Шрифт:
Интервал:
Закладка:
Агния с Астрой ощутили то самое чувство, какое испытываешь, когда лифт трогается вниз. Потом космическая тьма, словно кто-то, балуясь, выключил мир и снова включил.
А дальше: тихое, как будто сонное, сопение – это кинокефалы в полной (уже не космической, а вполне осязаемой) темноте полагались на нюх: усладный запах цветущих лип, сладкий до тошноты и до просьбы стакана воды, в спёртом сыром воздухе.
Уши. Оба поводили ушами. Что они слышат? Какое-то далёкое стрекотание, звуки, напоминающие перетирание склизких щупалец.
Что чувствуют руки?

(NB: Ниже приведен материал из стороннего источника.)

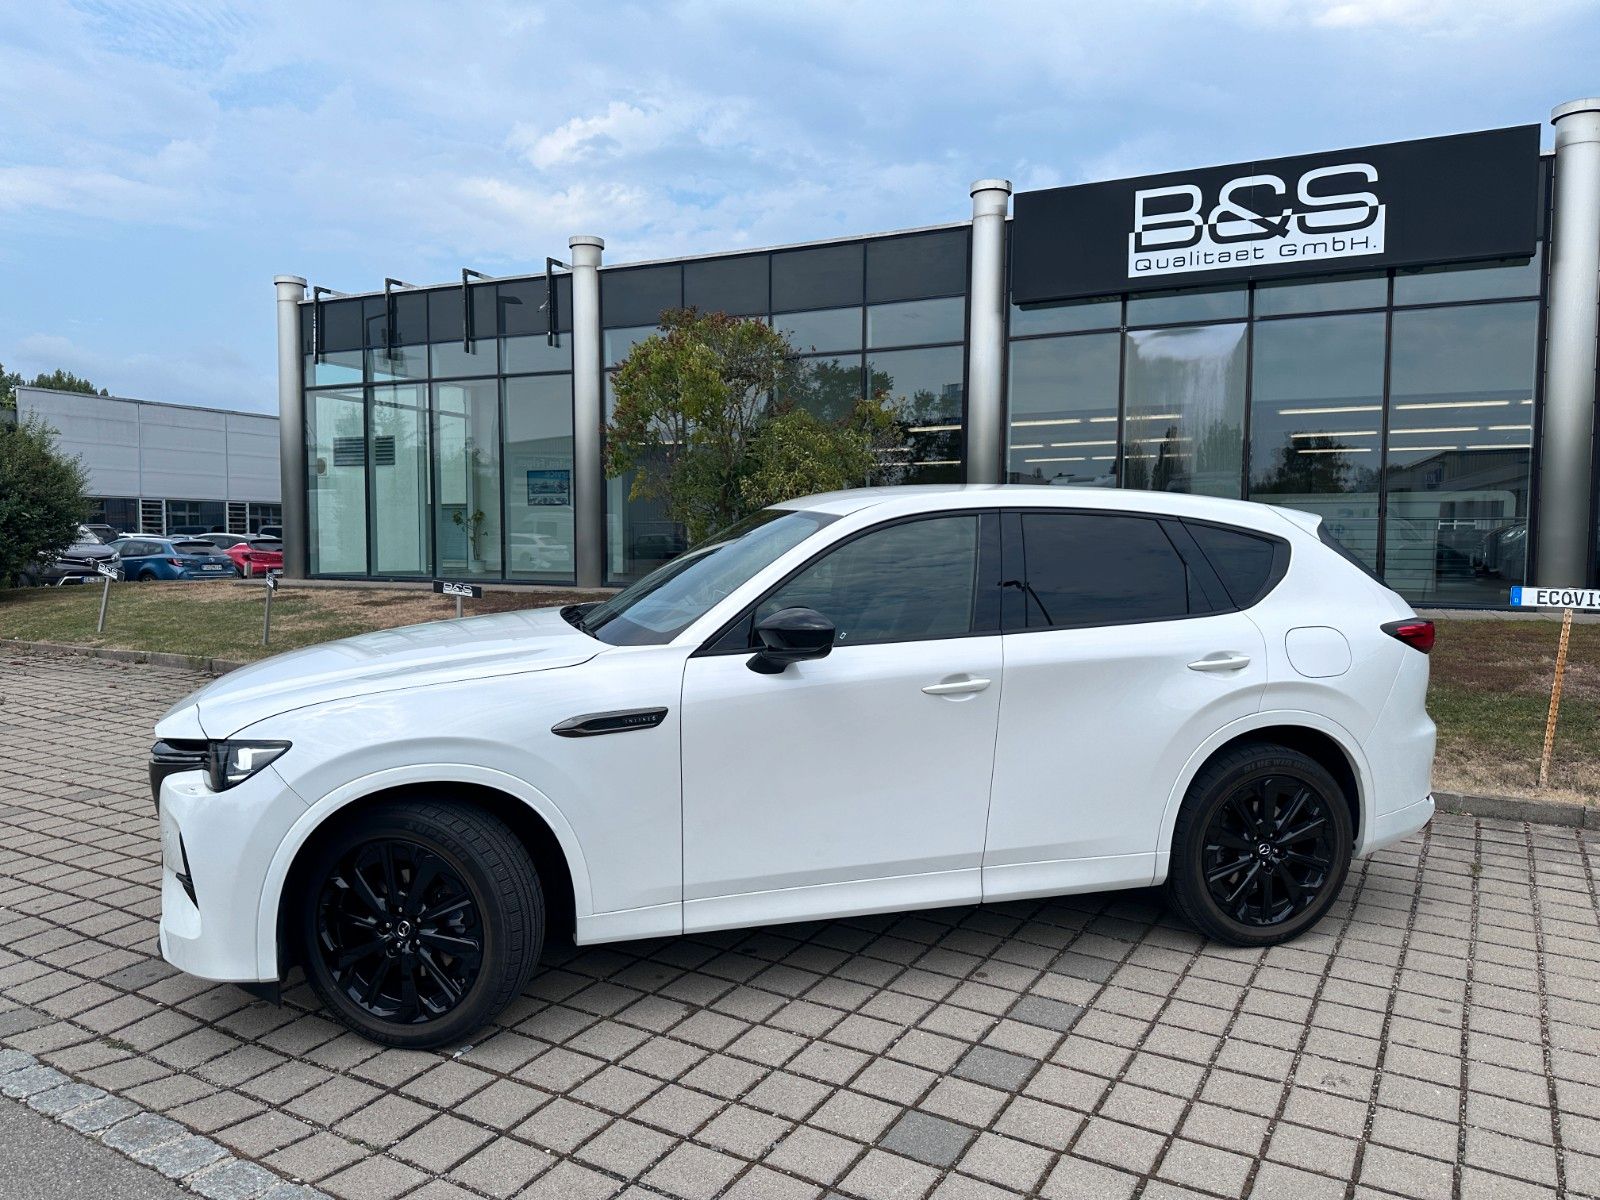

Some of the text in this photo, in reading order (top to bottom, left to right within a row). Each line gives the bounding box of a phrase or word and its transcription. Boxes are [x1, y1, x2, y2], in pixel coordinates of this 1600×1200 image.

[1134, 163, 1379, 253] B&S
[1135, 236, 1376, 271] Qualitaet GmbH.
[443, 582, 472, 595] B&S
[1537, 590, 1600, 606] ECOVI
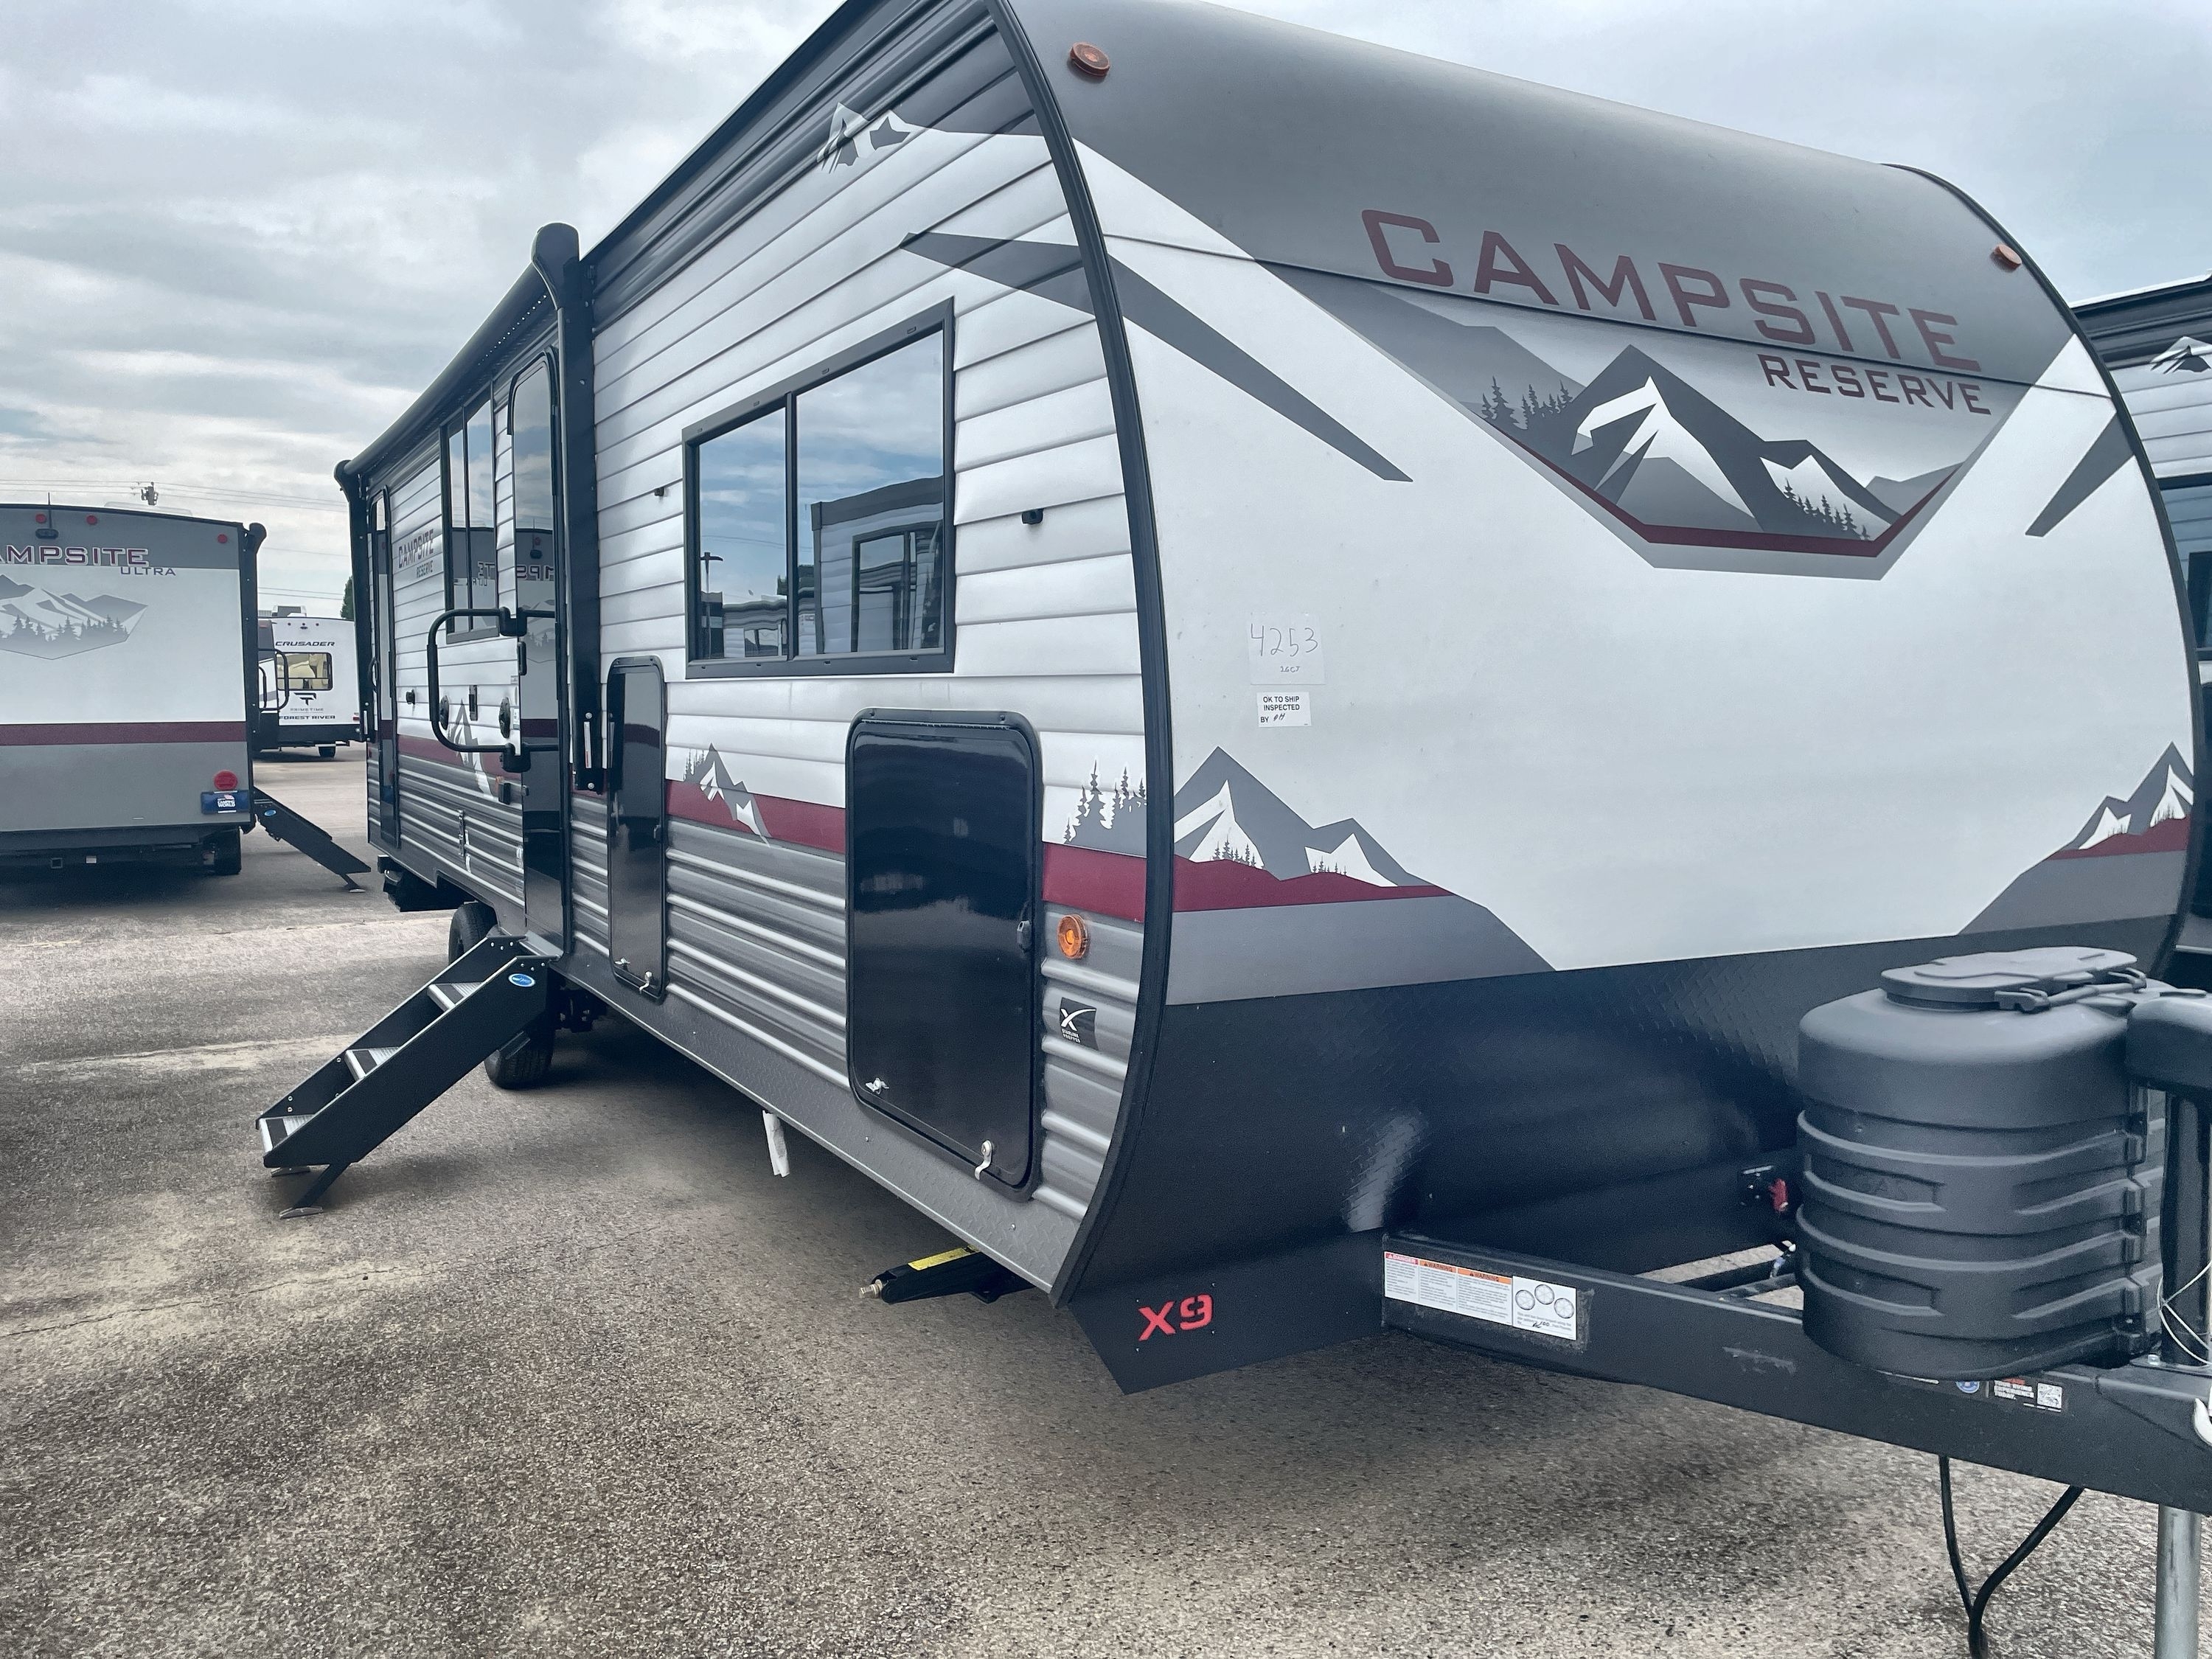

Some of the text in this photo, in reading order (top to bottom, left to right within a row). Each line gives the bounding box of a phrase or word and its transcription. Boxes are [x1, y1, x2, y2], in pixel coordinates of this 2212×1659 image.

[1362, 209, 1981, 372] CAMPSITE
[1757, 354, 1991, 415] RESERVE
[0, 545, 148, 566] MPSITE
[399, 529, 434, 568] CAMPSITE
[121, 567, 175, 575] ULTRA
[417, 560, 433, 578] RESERVE
[1251, 623, 1318, 656] 4253
[1427, 1262, 1453, 1273] WARNING
[1475, 1272, 1499, 1282] WARNING
[1138, 1293, 1213, 1341] X9

Впереди ничего, позади тоже. Но что-то продавливают ноги, будто стоишь на мхах. Присев на корточки и приподняв хвост, Астра очень осторожно опустил руку – в ладонь легло нечто упругое и холодное, как купол медузы, и стучащее, как пульсирующий висок.
Наконец, Агния вытащила из кармашка светящийся платочек, за ней Астра достал свой – словно выпорхнули два бледных гигантских светлячка.
Тёмно-фиолетовые, как грозовые тучи, отъевшиеся, вздувшиеся пятиугольники, в переливах прозрачных оболочек, трепыхались размеренно и нерасторопно, будто впавшее в спячку сердце. «Как у кита, – почему-то пришло на ум Астре именно это сравнение. – Так же медленно сокращается китовое сердце.
Всё большое в нашем мире имеет медленный ход, всё маленькое и мелочное – быстроходно. Неужели я измельчал, неужели я тороплю события? Может быть, я всего лишь спешу жить? Может быть, я, подгоняемый смертельной опасностью, исходящей от Зелёного коридора, в самом деле спешу жить и принимаю скоропостижные решения? Меня никто никогда не любил. Я влюблялся, но безответно. И Агния, кажется, тоже не любит, но она позволяет любить себя. Нужно ли для такого малька, как я, что-то большее? Да, я малёк в чреве у кита. Но не это ли высочайшая из всех форм любви, когда любишь того, кто не любит тебя? Агнии можно привить ко мне любовь – я окружу её жертвенной, всё отдающей и ничего не принимающей взамен любовью… А хватит ли тебе силёнок, Астра? Ты будешь всё отдавать и отдавать, питаясь лишь её огрызками со стола. Но жертва на то и жертва: испепелить себя, но доказать спасительную нить любви тому, кто утверждает, что не способен на это чувство! И я готов пойти на эту жертву, готов нарушить любой закон, но доказать спасительность этой нити…»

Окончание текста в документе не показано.